From the useless but interesting maritime trivia file: have you ever wondered why most boats have their steering consoles on the right side? In the US our cars all have the steering wheels on the left (except for postal workers), so what gives?
You might be thinking that it has to do with most people being right-handed, or with using the driver’s weight to counteract prop torque. Both are true. Partially.

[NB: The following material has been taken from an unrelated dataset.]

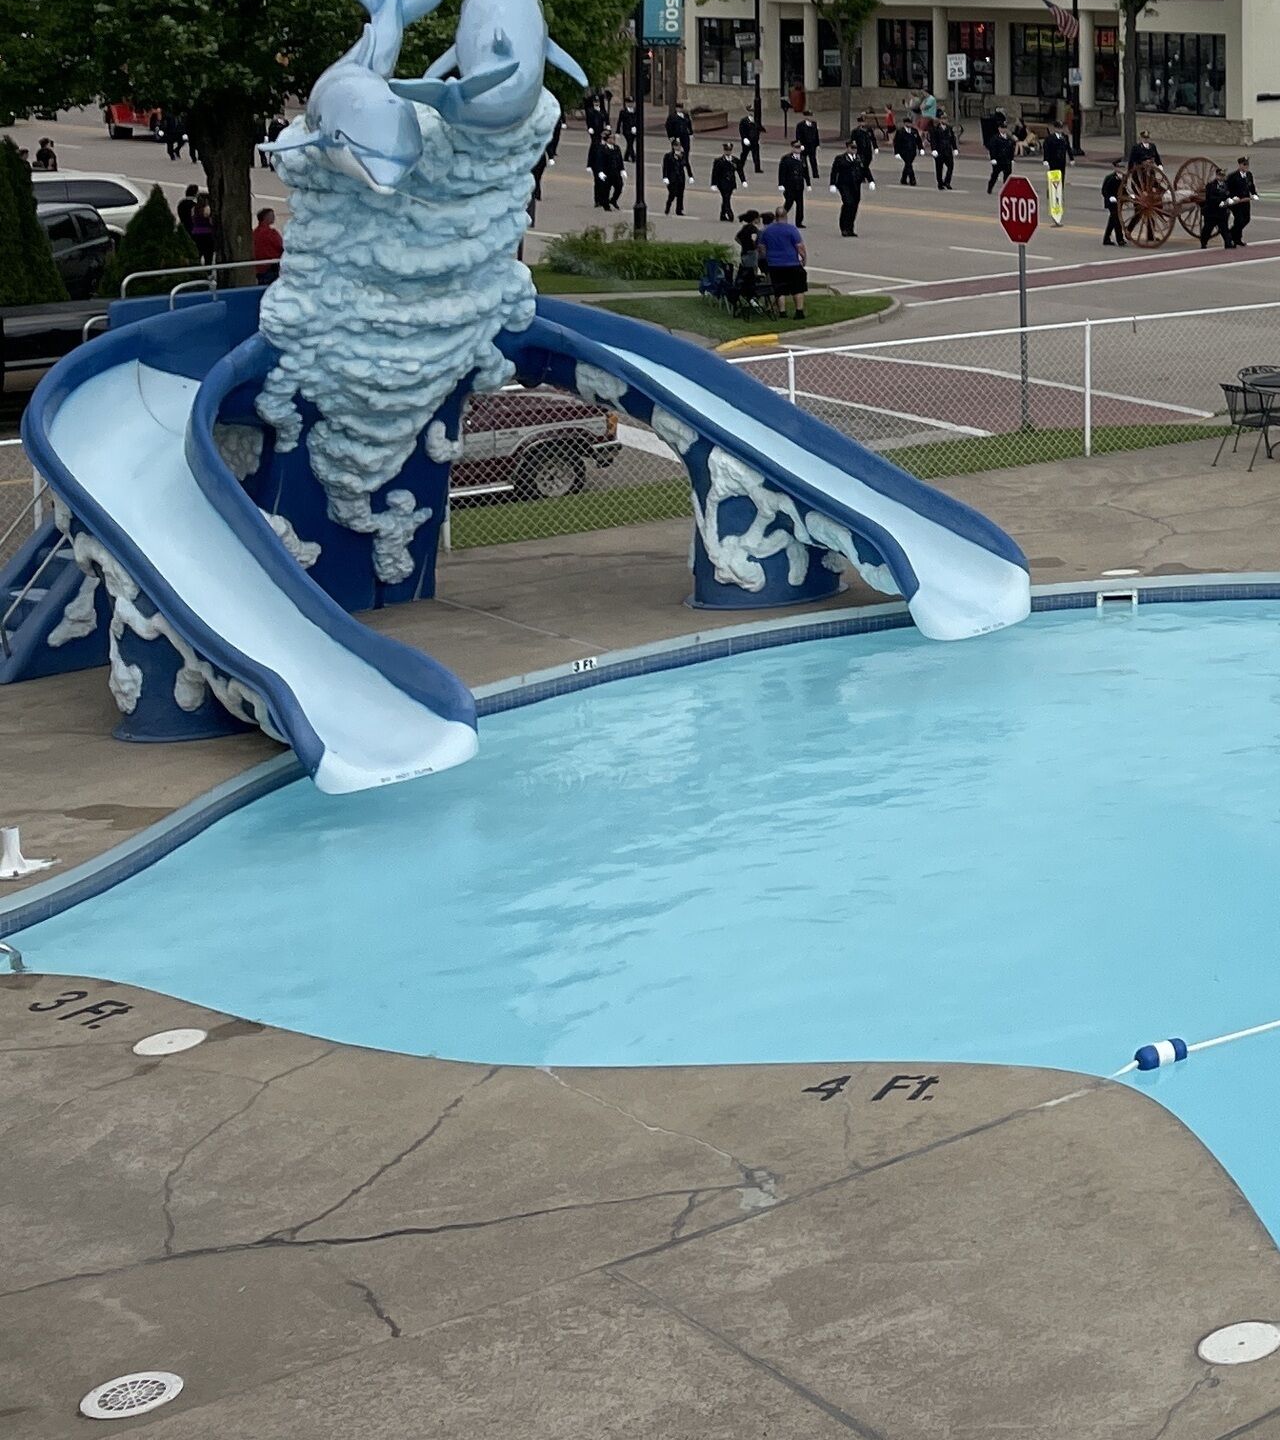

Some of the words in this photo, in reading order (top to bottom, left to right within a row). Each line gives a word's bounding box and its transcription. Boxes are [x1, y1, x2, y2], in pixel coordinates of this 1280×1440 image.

For the most part, all boat traffic keeps to the right, according to the International Regulations for Preventing Collisions at Sea. Before the use of the modern day rudder, boats were steered by a specialized oar, which was situated on the right-hand side, or starboard side of the vessel (originally steerboard). This oar was held by a sailor located towards the stern. As there were many more right-handed sailors than left-handed sailors, this meant that the right-handed sailors holding the steering oar (which had been broadened to provide better control) stood on the right side. The helmsman, standing in the middle of the boat and looking ahead, used his right hand to operate it. Traditionally, boats would also moor with the left hand side to the quay to prevent damage to the steering oar, and this was referred to as larboard (loading side), later replaced by port to prevent confusion from the similar sounding words. By keeping to the right, boats pass “port-to-port”, protecting the steering oar. When modern style rudders fixed to the stern were developed, the helmsman was moved amidships (on the centreline), and when steering wheels replaced tillers this generally remained the same. Many motor yachts and other small craft are right hand drive, but some boats, typically smaller pleasure craft and wooden speedboats are built left hand drive to give a better view of approaching and passing traffic.